2.1 Equality of opportunity
Those who take the quality of opportunity approach focus on removing barriers. Thus, to give some examples from education of a weak version of this approach, a grant might be made for families in poverty so that they could afford the uniform for their child to go to a grammar school; or special coaching might be given to ensure that sixth formers from a socially economically disadvantaged area could achieve top grades in 18+ examinations and be in a position to apply for a top university. The problem with this is that it assumes that ‘the problem’ is one merely of functional access and it ignores less visible barriers. Critical theorists such as Pierre Bourdieu argue that individuals are shaped by the structural features of the social context into which they are born and within which they grow up.
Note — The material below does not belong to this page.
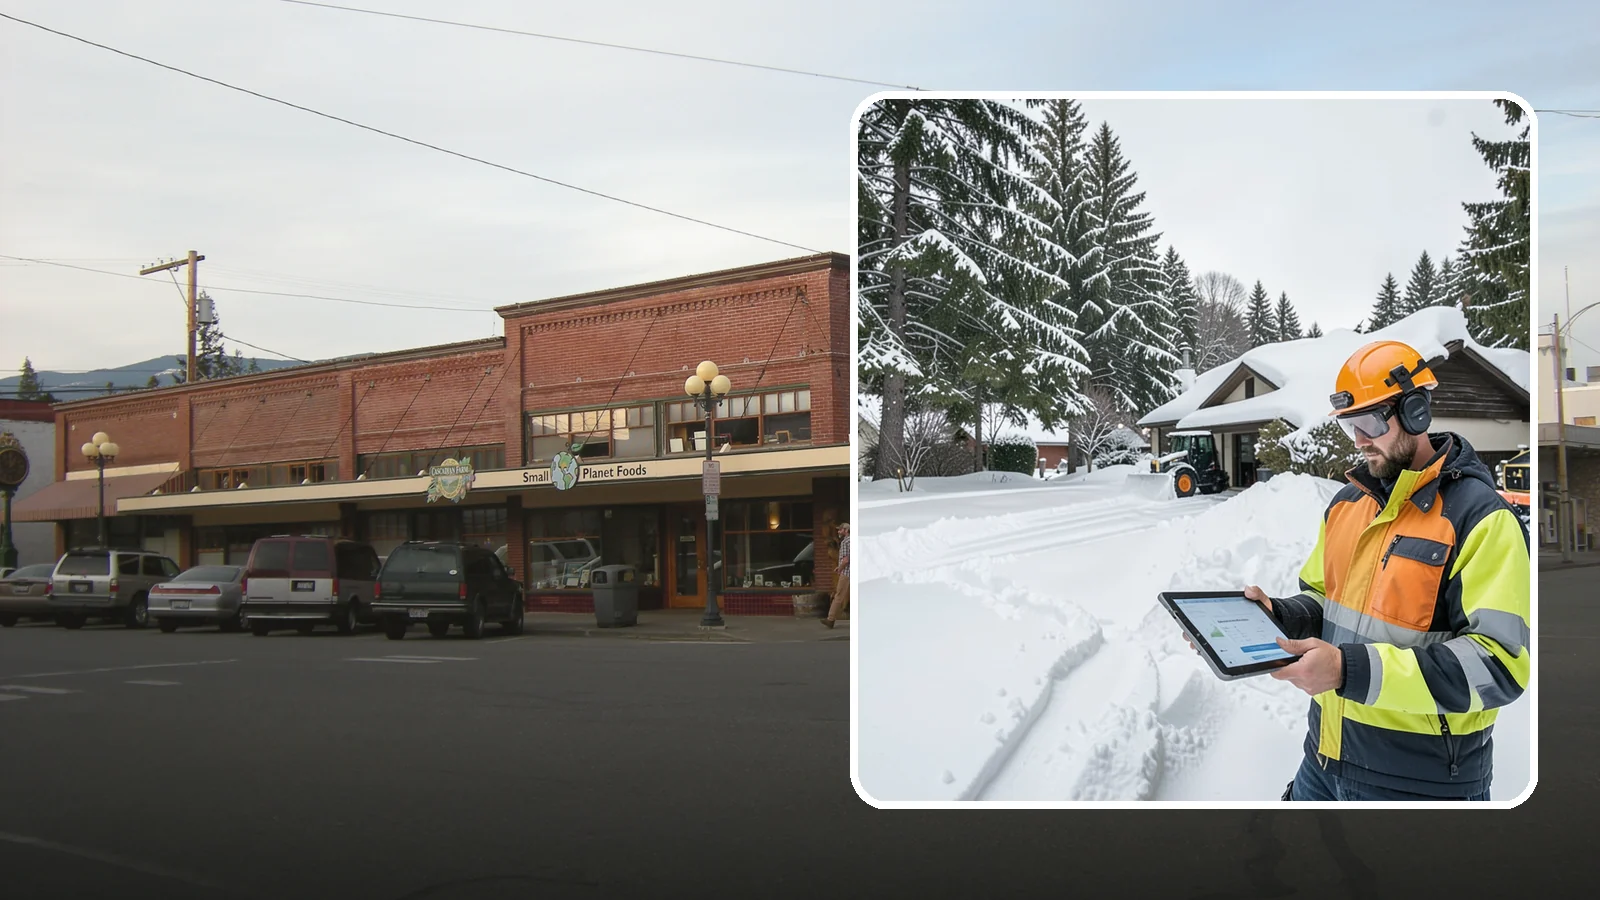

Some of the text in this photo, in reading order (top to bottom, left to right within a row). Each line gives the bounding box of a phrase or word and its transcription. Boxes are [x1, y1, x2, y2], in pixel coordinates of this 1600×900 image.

In Bourdieu’s terms, we all have different profiles of ‘capital’ and we need particular capital in order to thrive in particular contexts or cultures. Thus, if ‘going to grammar school’ is something alien to the context in which someone has lived, the mere fact of being given the money to buy uniform will be insufficient to encourage the young person to take up the grammar school place. Similarly, if ‘going to Oxbridge’ is not an assumed route in the context in which someone has grown up, s/he will not think about doing it even if s/he has the necessary qualifications. The social structures need changing if behaviours are to change. Aspirations need a process if they are to be realised. A strong version of this approach would look towards ‘positive discrimination’ or compensatory action. Examples from education are the Sure Start programme for early years education in the UK – or Head Start in the US. You will note that these are targeted – rather than universal (e.g. ten hours free child care for all families) initiatives so they can be regarded as operating with a deficit view of some individuals (i.e. ‘you need help’) rather than making radical changes to society and the way things are.